→ AIM OF THE TASK
Repeat every entry exactly as it appears.
Segment Start: INFORMATION SHOWN
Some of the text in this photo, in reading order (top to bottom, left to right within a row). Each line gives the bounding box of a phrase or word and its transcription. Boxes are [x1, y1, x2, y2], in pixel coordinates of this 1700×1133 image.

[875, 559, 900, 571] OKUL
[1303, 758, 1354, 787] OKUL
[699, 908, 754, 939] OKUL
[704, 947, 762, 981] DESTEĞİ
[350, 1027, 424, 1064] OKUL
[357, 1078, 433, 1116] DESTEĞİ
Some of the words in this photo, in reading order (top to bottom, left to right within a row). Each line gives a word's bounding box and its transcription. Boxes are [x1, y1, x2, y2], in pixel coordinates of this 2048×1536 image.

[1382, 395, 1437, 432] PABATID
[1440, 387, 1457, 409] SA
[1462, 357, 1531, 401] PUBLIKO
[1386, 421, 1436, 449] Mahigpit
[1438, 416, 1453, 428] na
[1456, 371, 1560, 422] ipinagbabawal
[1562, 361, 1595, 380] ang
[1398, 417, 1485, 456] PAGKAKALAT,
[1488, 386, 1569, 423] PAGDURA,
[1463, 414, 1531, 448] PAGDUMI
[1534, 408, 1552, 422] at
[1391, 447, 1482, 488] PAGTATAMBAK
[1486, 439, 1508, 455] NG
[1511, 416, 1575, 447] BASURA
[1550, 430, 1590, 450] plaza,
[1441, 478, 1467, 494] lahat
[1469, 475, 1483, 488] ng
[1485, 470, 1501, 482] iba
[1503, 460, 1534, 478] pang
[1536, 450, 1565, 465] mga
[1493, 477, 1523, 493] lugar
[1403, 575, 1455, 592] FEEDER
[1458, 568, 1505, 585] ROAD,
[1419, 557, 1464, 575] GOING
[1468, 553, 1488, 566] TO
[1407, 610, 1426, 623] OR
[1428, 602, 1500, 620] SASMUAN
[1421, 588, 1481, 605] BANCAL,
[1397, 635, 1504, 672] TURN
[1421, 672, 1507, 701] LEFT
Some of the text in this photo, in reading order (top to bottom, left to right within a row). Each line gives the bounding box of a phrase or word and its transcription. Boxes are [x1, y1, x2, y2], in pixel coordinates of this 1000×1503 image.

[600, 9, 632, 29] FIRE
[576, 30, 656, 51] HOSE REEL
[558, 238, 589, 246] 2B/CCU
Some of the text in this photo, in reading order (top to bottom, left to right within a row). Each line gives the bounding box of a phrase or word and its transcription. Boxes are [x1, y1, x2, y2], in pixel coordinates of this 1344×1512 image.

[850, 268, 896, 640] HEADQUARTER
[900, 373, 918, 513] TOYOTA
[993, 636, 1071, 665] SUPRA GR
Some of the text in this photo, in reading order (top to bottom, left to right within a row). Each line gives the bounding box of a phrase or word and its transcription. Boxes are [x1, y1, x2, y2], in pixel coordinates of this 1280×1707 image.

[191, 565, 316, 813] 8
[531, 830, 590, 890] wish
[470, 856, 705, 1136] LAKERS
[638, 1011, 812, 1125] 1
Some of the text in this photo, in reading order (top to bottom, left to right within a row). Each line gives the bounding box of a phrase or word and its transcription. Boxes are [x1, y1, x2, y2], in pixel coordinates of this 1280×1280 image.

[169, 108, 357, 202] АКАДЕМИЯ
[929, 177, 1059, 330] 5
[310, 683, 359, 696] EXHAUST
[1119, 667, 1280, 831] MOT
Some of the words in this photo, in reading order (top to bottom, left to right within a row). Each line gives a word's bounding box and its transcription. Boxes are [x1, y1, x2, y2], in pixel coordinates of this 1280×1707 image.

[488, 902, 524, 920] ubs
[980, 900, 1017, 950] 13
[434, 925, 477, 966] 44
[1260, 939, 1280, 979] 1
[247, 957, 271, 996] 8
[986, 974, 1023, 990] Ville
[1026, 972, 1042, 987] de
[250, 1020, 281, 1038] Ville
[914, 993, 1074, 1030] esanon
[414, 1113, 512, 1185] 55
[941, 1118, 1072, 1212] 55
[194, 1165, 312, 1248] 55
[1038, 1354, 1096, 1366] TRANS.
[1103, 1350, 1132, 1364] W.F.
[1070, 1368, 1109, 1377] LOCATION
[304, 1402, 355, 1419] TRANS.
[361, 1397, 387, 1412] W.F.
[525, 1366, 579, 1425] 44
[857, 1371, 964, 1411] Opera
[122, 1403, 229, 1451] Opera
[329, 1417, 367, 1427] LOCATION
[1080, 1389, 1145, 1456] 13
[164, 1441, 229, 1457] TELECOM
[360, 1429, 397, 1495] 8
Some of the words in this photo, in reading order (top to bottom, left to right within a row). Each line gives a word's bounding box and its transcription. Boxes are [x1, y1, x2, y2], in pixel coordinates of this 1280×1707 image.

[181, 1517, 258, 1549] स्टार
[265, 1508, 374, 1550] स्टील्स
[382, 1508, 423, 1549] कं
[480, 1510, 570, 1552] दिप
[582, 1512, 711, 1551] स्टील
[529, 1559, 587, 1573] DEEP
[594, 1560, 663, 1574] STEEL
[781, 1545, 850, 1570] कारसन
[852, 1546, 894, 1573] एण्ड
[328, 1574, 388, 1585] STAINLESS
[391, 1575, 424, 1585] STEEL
Segment End: INFORMATION SHOWN
→ TASK ANSWER
Some of the text in this photo, in reading order (top to bottom, left to right within a row). Each line gives the bounding box of a phrase or word and its transcription. Boxes are [x1, y1, x2, y2], in pixel coordinates of this 1700×1133 image.

[875, 559, 900, 571] OKUL
[1303, 758, 1354, 787] OKUL
[699, 908, 754, 939] OKUL
[704, 947, 762, 981] DESTEĞİ
[350, 1027, 424, 1064] OKUL
[357, 1078, 433, 1116] DESTEĞİ
Some of the words in this photo, in reading order (top to bottom, left to right within a row). Each line gives a word's bounding box and its transcription. Boxes are [x1, y1, x2, y2], in pixel coordinates of this 2048×1536 image.

[1382, 395, 1437, 432] PABATID
[1440, 387, 1457, 409] SA
[1462, 357, 1531, 401] PUBLIKO
[1386, 421, 1436, 449] Mahigpit
[1438, 416, 1453, 428] na
[1456, 371, 1560, 422] ipinagbabawal
[1562, 361, 1595, 380] ang
[1398, 417, 1485, 456] PAGKAKALAT,
[1488, 386, 1569, 423] PAGDURA,
[1463, 414, 1531, 448] PAGDUMI
[1534, 408, 1552, 422] at
[1391, 447, 1482, 488] PAGTATAMBAK
[1486, 439, 1508, 455] NG
[1511, 416, 1575, 447] BASURA
[1550, 430, 1590, 450] plaza,
[1441, 478, 1467, 494] lahat
[1469, 475, 1483, 488] ng
[1485, 470, 1501, 482] iba
[1503, 460, 1534, 478] pang
[1536, 450, 1565, 465] mga
[1493, 477, 1523, 493] lugar
[1403, 575, 1455, 592] FEEDER
[1458, 568, 1505, 585] ROAD,
[1419, 557, 1464, 575] GOING
[1468, 553, 1488, 566] TO
[1407, 610, 1426, 623] OR
[1428, 602, 1500, 620] SASMUAN
[1421, 588, 1481, 605] BANCAL,
[1397, 635, 1504, 672] TURN
[1421, 672, 1507, 701] LEFT
Some of the text in this photo, in reading order (top to bottom, left to right within a row). Each line gives the bounding box of a phrase or word and its transcription. Boxes are [x1, y1, x2, y2], in pixel coordinates of this 1000×1503 image.

[600, 9, 632, 29] FIRE
[576, 30, 656, 51] HOSE REEL
[558, 238, 589, 246] 2B/CCU
Some of the text in this photo, in reading order (top to bottom, left to right within a row). Each line gives the bounding box of a phrase or word and its transcription. Boxes are [x1, y1, x2, y2], in pixel coordinates of this 1344×1512 image.

[850, 268, 896, 640] HEADQUARTER
[900, 373, 918, 513] TOYOTA
[993, 636, 1071, 665] SUPRA GR
Some of the text in this photo, in reading order (top to bottom, left to right within a row). Each line gives the bounding box of a phrase or word and its transcription. Boxes are [x1, y1, x2, y2], in pixel coordinates of this 1280×1707 image.

[191, 565, 316, 813] 8
[531, 830, 590, 890] wish
[470, 856, 705, 1136] LAKERS
[638, 1011, 812, 1125] 1
Some of the text in this photo, in reading order (top to bottom, left to right within a row). Each line gives the bounding box of a phrase or word and its transcription. Boxes are [x1, y1, x2, y2], in pixel coordinates of this 1280×1280 image.

[169, 108, 357, 202] АКАДЕМИЯ
[929, 177, 1059, 330] 5
[310, 683, 359, 696] EXHAUST
[1119, 667, 1280, 831] MOT
Some of the words in this photo, in reading order (top to bottom, left to right within a row). Each line gives a word's bounding box and its transcription. Boxes are [x1, y1, x2, y2], in pixel coordinates of this 1280×1707 image.

[488, 902, 524, 920] ubs
[980, 900, 1017, 950] 13
[434, 925, 477, 966] 44
[1260, 939, 1280, 979] 1
[247, 957, 271, 996] 8
[986, 974, 1023, 990] Ville
[1026, 972, 1042, 987] de
[250, 1020, 281, 1038] Ville
[914, 993, 1074, 1030] esanon
[414, 1113, 512, 1185] 55
[941, 1118, 1072, 1212] 55
[194, 1165, 312, 1248] 55
[1038, 1354, 1096, 1366] TRANS.
[1103, 1350, 1132, 1364] W.F.
[1070, 1368, 1109, 1377] LOCATION
[304, 1402, 355, 1419] TRANS.
[361, 1397, 387, 1412] W.F.
[525, 1366, 579, 1425] 44
[857, 1371, 964, 1411] Opera
[122, 1403, 229, 1451] Opera
[329, 1417, 367, 1427] LOCATION
[1080, 1389, 1145, 1456] 13
[164, 1441, 229, 1457] TELECOM
[360, 1429, 397, 1495] 8
Some of the words in this photo, in reading order (top to bottom, left to right within a row). Each line gives a word's bounding box and its transcription. Boxes are [x1, y1, x2, y2], in pixel coordinates of this 1280×1707 image.

[181, 1517, 258, 1549] स्टार
[265, 1508, 374, 1550] स्टील्स
[382, 1508, 423, 1549] कं
[480, 1510, 570, 1552] दिप
[582, 1512, 711, 1551] स्टील
[529, 1559, 587, 1573] DEEP
[594, 1560, 663, 1574] STEEL
[781, 1545, 850, 1570] कारसन
[852, 1546, 894, 1573] एण्ड
[328, 1574, 388, 1585] STAINLESS
[391, 1575, 424, 1585] STEEL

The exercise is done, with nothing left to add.